This has probably been kicked around here before, but, hey, it's summer, and I haven't been around to catch up on everything.
I remember seeing KO announce, after his devastating demonstration that O'Reilly contributed to the culture that led to the assassination of Dr. George Tiller, that he would retire the O'Reillly callouts. I wondered about it at the time, because it seemed to me that, while he sometimes went a bit overboard in his sarcasm, KO was performing a major public service in his monitoring of O'Reilly's daily pompous nonsense.
According to yesterday's New York Times, it was the bigwigs at GE and News Corp. that engineered the truce, and it was business that was the basis for it. The story does not indicate that anyone considered that Olbermann might be right about O'Reilly and O'Reilly wrong about KO.
As the Times' lead says:
It was a media cage fight, televised every weeknight at 8 p.m. But the match was halted when the blood started to spray executives in the high-priced seats.

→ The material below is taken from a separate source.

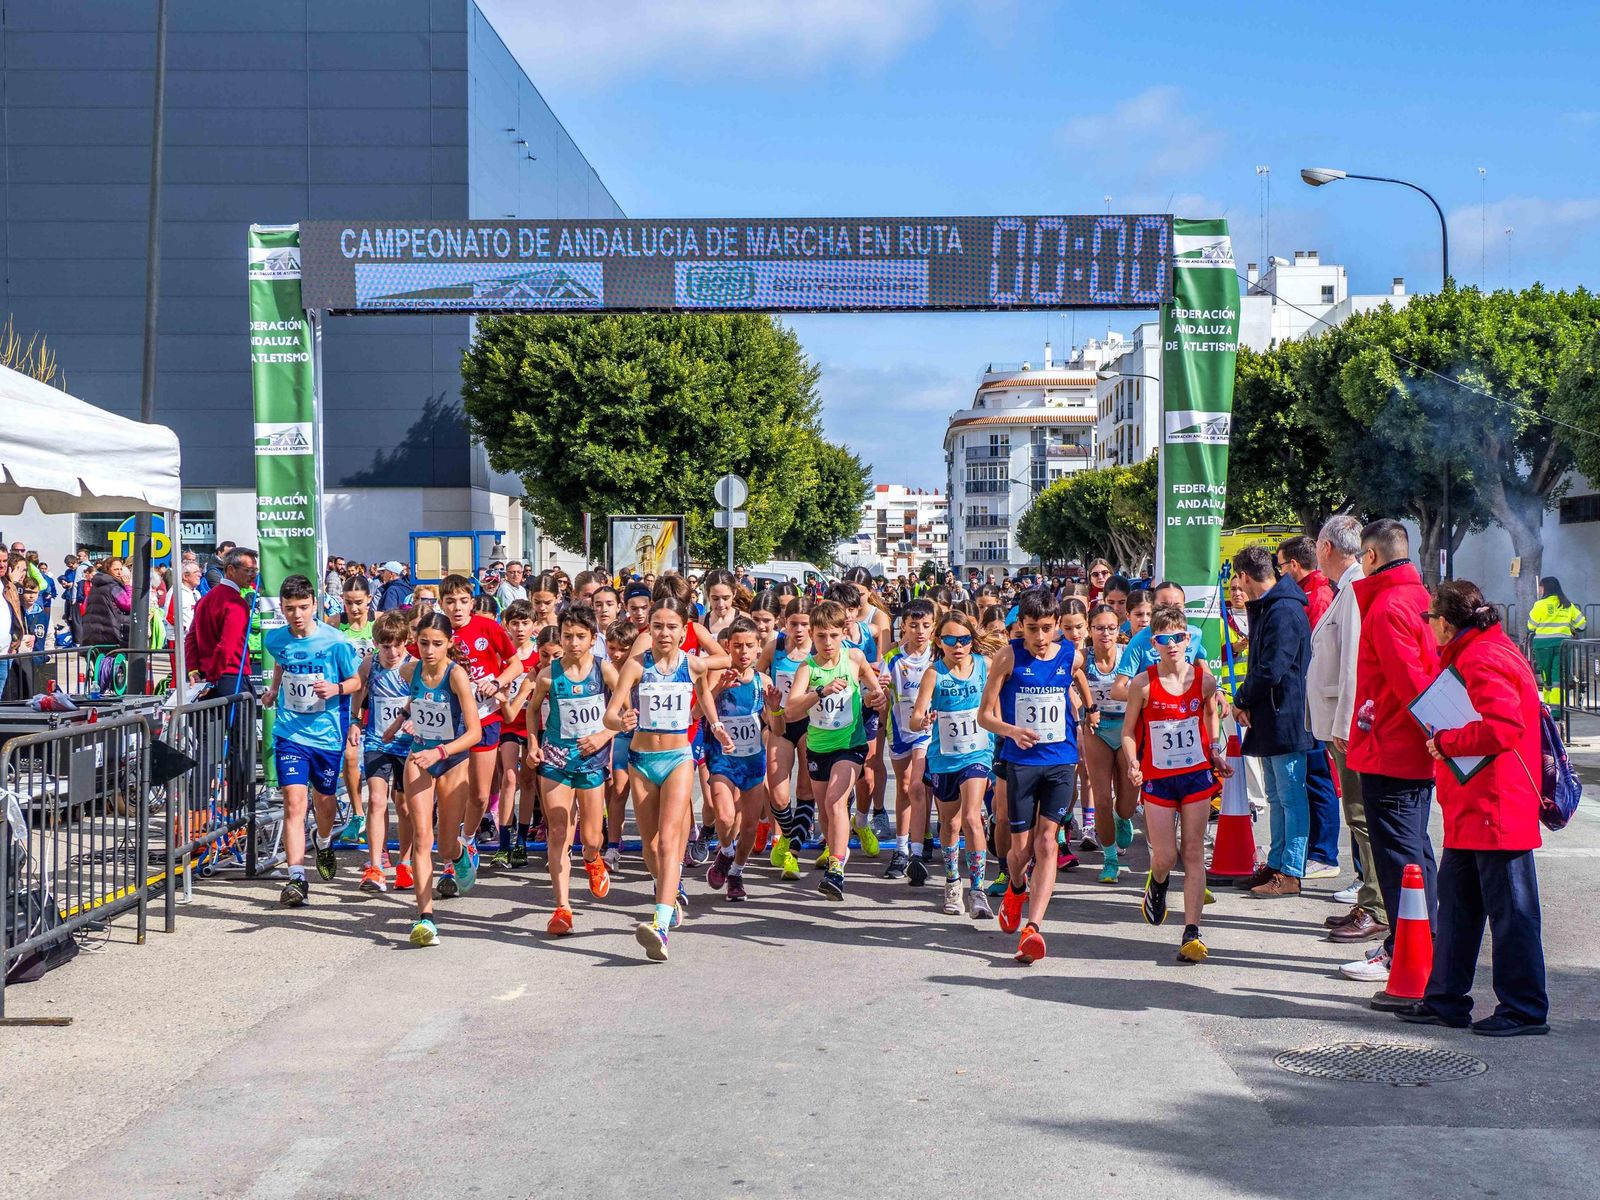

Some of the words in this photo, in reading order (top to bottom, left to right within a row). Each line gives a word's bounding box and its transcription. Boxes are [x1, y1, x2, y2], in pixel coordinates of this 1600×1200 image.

Turns out it was the old on-the-one-hand-on-the other-hand song-and-dance again, this time at the corporate level. And who was the mediator? The oleaginous Charlie Rose. At one of those executive powwows that attract hangers-on like Rose, he presided over a discussion with Murdoch and GE Chairman Jeffrey Immelt. (Can't you just picture it?)
Over time, G.E. and the News Corporation concluded that the fighting “wasn’t good for either parent,” said an NBC employee with direct knowledge of the situation. But the session hosted by Mr. Rose provided an opportunity for a reconciliation, sealed with a handshake between Mr. Immelt and Mr. Murdoch.
GE apparently ran scared when O'Reilly-inspired email campaigns, a GE shareholders' raid and bogus claims about GE's business in Iran started upsetting the board and investors. Instead of taking the opportunity to make a courageous stand, GE quickly bowed to pressure and called Olbermann off. Fox has also seemingly cooled down O"Reilly.
This then spread to other MSNBC programs:
Shortly after, Phil Griffin, the MSNBC president, told producers that he wanted the channel’s other programs to follow Mr. Olbermann’s lead and restrain from criticizing Fox directly, according to two employees. At Fox News, some staff members were told to “be fair” to G.E.
I can't say I'm surprised; I know the bottom line always rules. But it's a shame that the case against O'Reilly, which needs to be made daily, is no longer available on MSNBC. This reminds me of the "balanced" journalism that the tradmed practices. No matter where the truth lies, the object is to consider both sides in a controversy equal.